**What needs to be done:**
Please return every entry below exactly as written, without any of its pictures.

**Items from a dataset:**
Segment Open

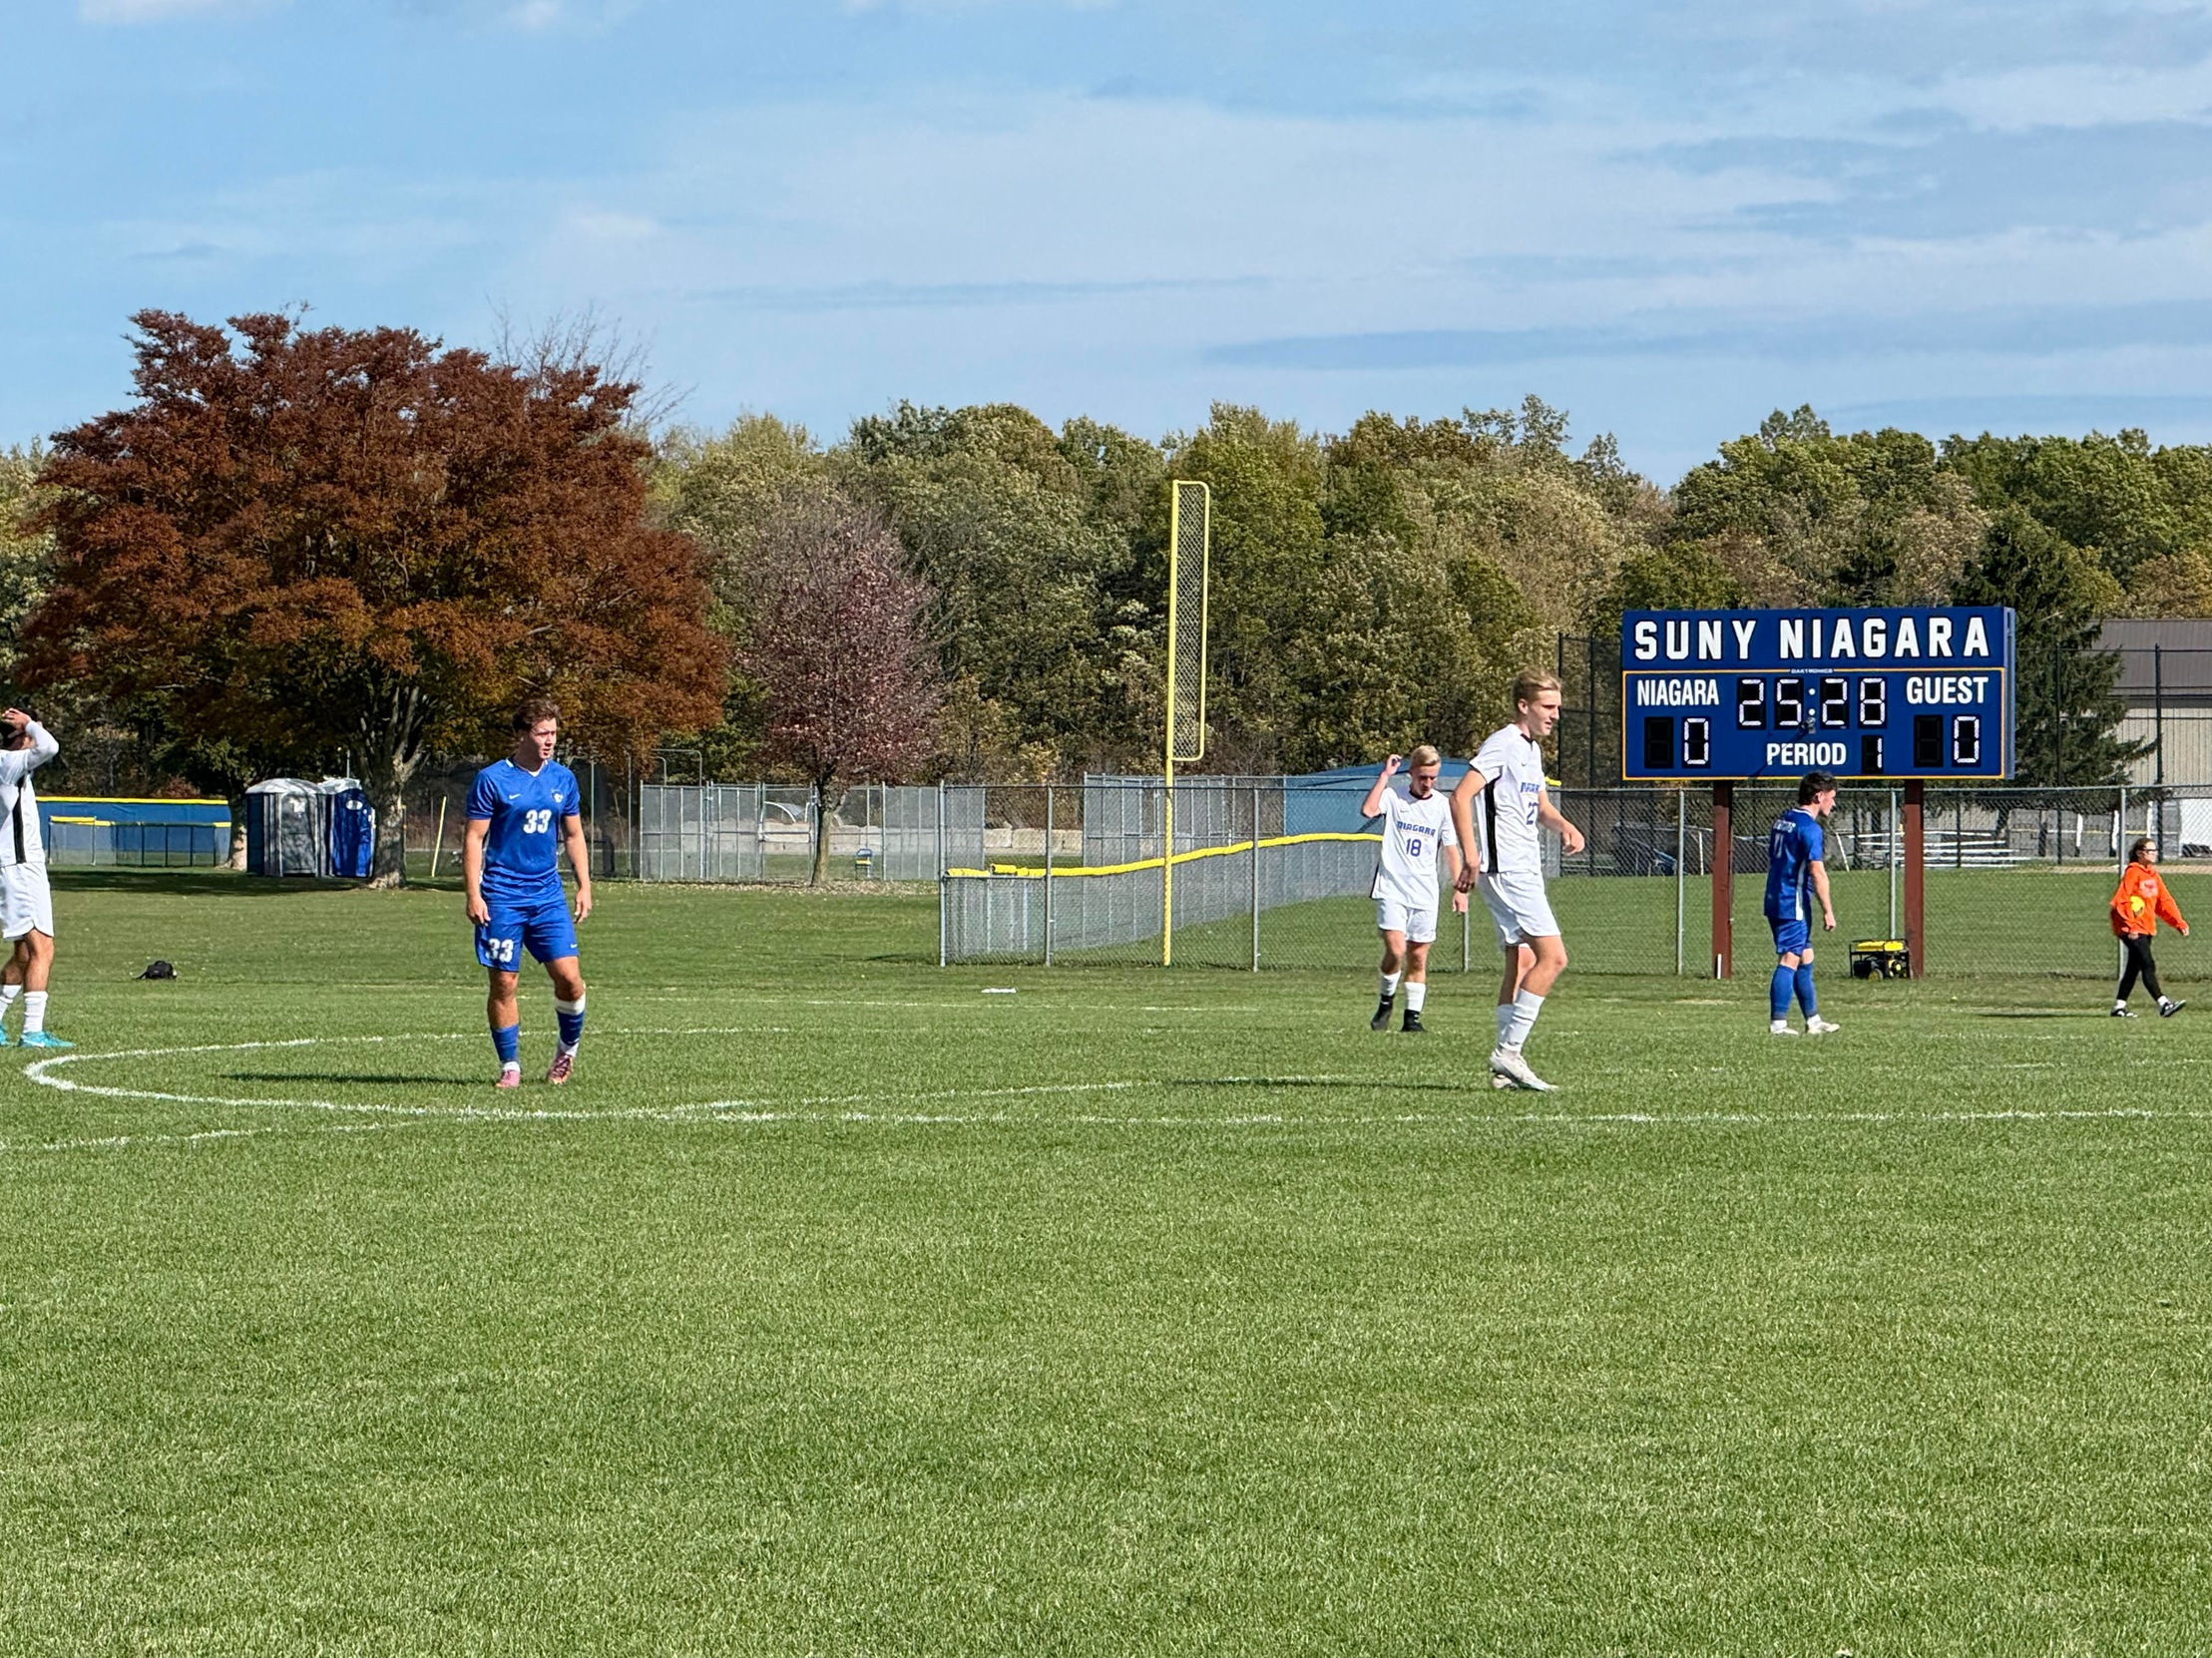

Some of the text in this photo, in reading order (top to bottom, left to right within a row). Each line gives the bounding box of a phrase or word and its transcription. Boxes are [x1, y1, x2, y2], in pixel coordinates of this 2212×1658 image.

[1634, 617, 1990, 660] SUNY NIAGARA
[1636, 678, 1720, 706] NIAGARA
[1738, 677, 1886, 726] 25:28
[1906, 676, 1990, 704] GUEST
[1683, 717, 1709, 765] 0
[1876, 737, 1884, 769] 1
[1953, 715, 1980, 764] 0
[1766, 742, 1847, 766] PERIOD
[522, 808, 553, 834] 33
[1396, 820, 1437, 837] NIAGARA
[1405, 837, 1422, 858] 18
[485, 938, 514, 963] 33

Segment Closed

**Expected output:**
Some of the text in this photo, in reading order (top to bottom, left to right within a row). Each line gives the bounding box of a phrase or word and its transcription. Boxes are [x1, y1, x2, y2], in pixel coordinates of this 2212×1658 image.

[1634, 617, 1990, 660] SUNY NIAGARA
[1636, 678, 1720, 706] NIAGARA
[1738, 677, 1886, 726] 25:28
[1906, 676, 1990, 704] GUEST
[1683, 717, 1709, 765] 0
[1876, 737, 1884, 769] 1
[1953, 715, 1980, 764] 0
[1766, 742, 1847, 766] PERIOD
[522, 808, 553, 834] 33
[1396, 820, 1437, 837] NIAGARA
[1405, 837, 1422, 858] 18
[485, 938, 514, 963] 33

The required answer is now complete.